Input:

::::::::::

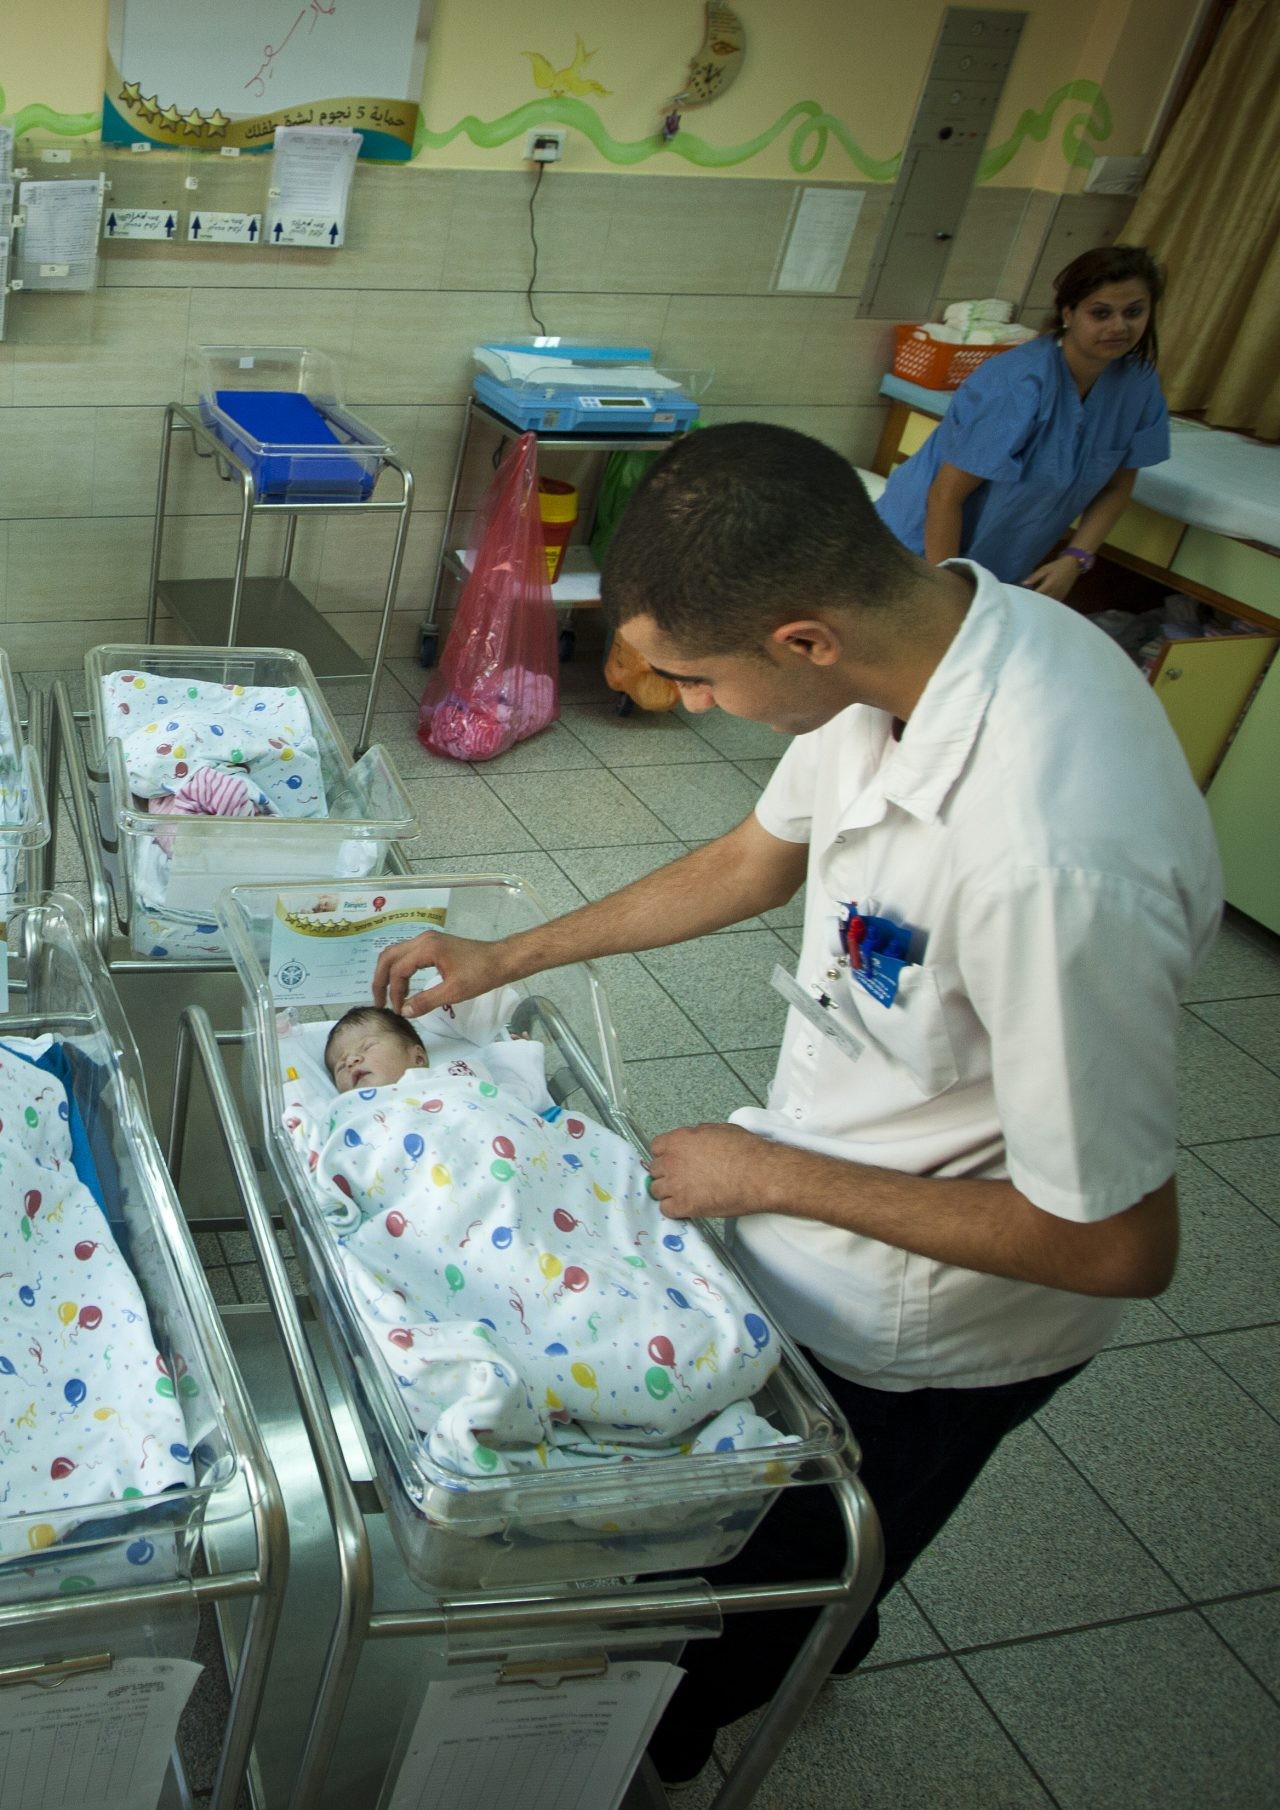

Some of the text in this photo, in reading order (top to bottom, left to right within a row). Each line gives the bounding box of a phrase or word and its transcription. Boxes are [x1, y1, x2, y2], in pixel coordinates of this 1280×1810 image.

[320, 106, 351, 126] نجوم
[356, 106, 365, 120] 5
[370, 106, 406, 127] حماية
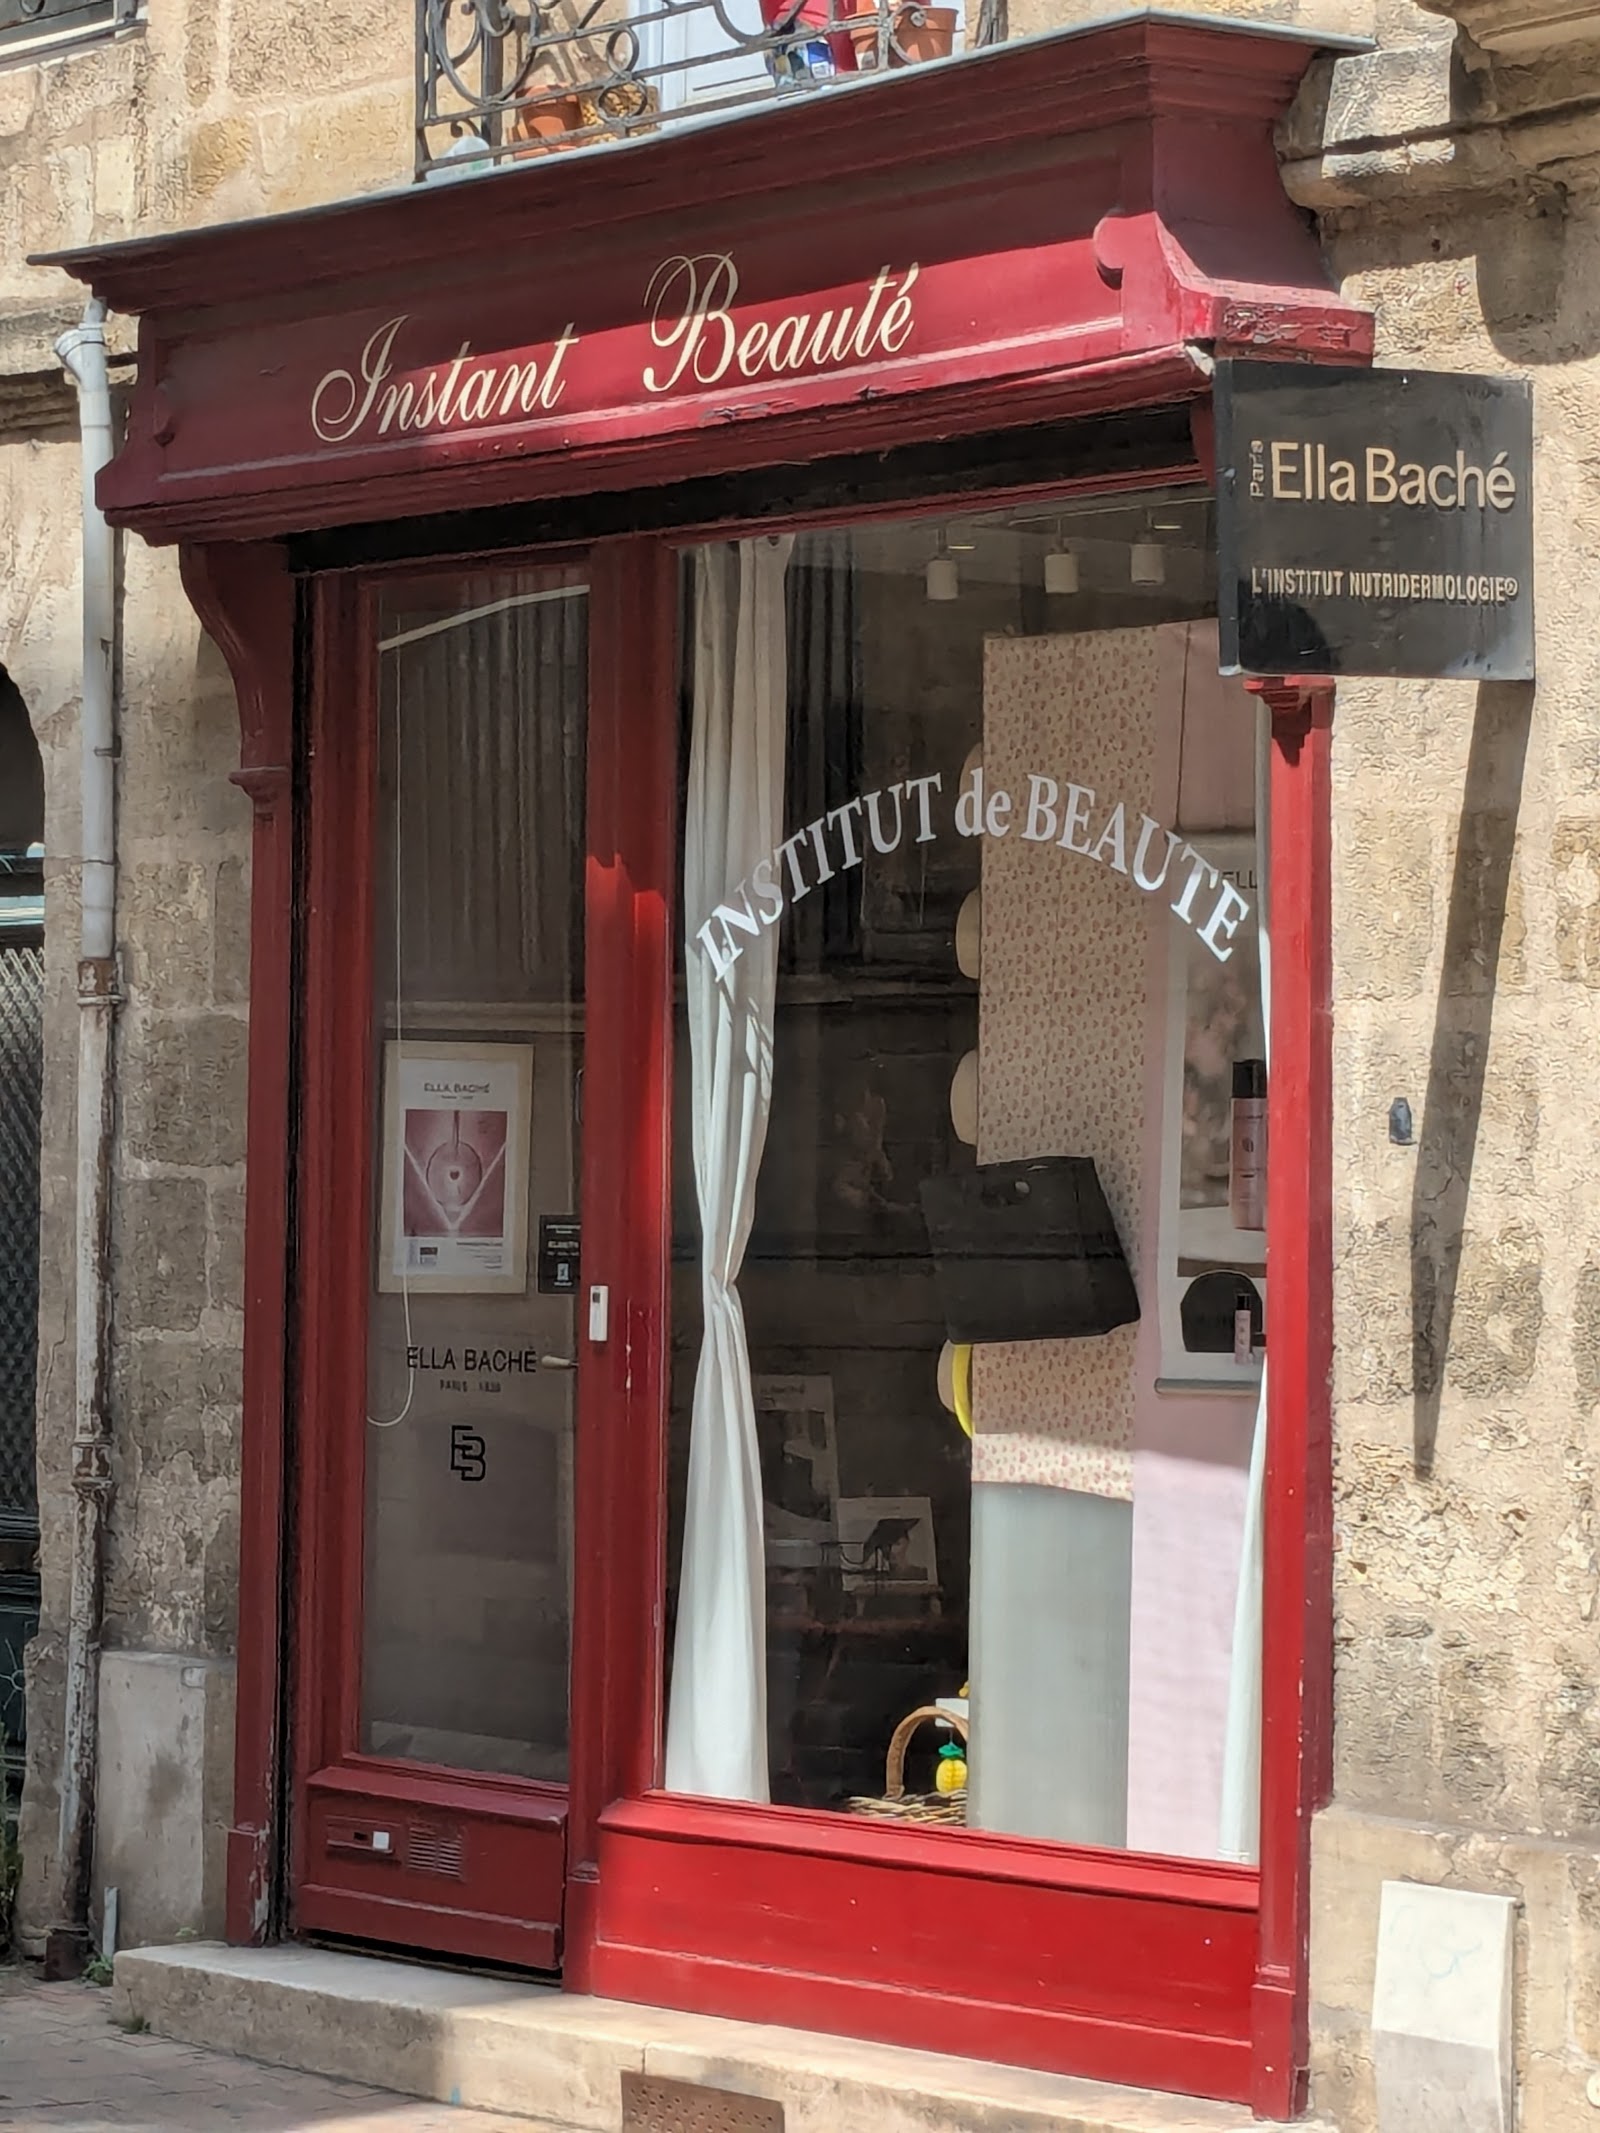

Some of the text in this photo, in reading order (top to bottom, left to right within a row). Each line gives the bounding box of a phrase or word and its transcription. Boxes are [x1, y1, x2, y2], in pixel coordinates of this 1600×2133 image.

[311, 251, 919, 443] Instant Beauté
[1249, 440, 1264, 498] Paris
[1270, 441, 1517, 509] Ella Baché
[1251, 567, 1345, 598] L'INSTITUT
[695, 767, 1250, 984] INSTITUT de BEAUTE
[406, 1346, 456, 1370] ELLA
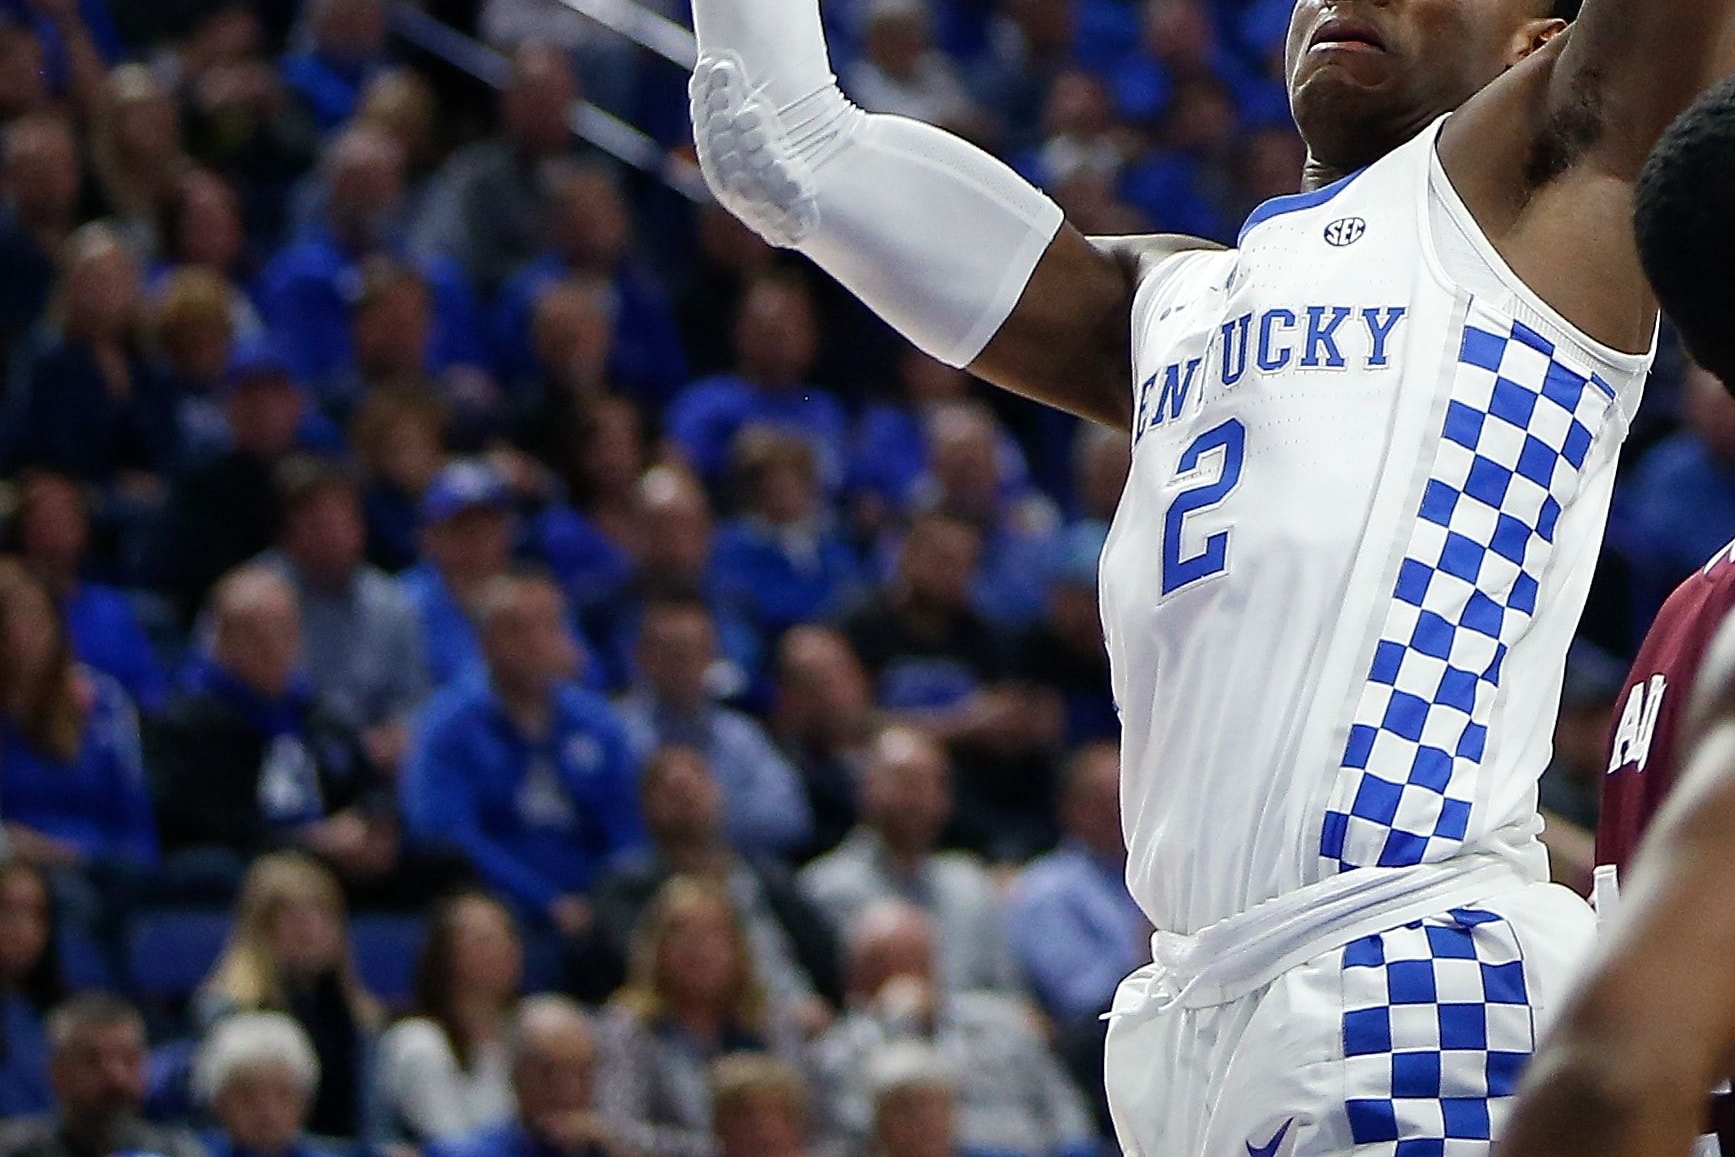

::::::::::

Problem to work on:
The reply needs to repeat exactly the line containing "this 1600×2133 image." and each line after it, through the final line of the entries above, and to skip the pictures.

Solved exercise:
Some of the text in this photo, in reading order (top to bottom, left to right within a row). Each line gives the bounding box of a phrase or word and its transcription. Boxes are [x1, y1, x2, y2], in pixel coordinates of this 1600×2133 image.

[311, 251, 919, 443] Instant Beauté
[1249, 440, 1264, 498] Paris
[1270, 441, 1517, 509] Ella Baché
[1251, 567, 1345, 598] L'INSTITUT
[695, 767, 1250, 984] INSTITUT de BEAUTE
[406, 1346, 456, 1370] ELLA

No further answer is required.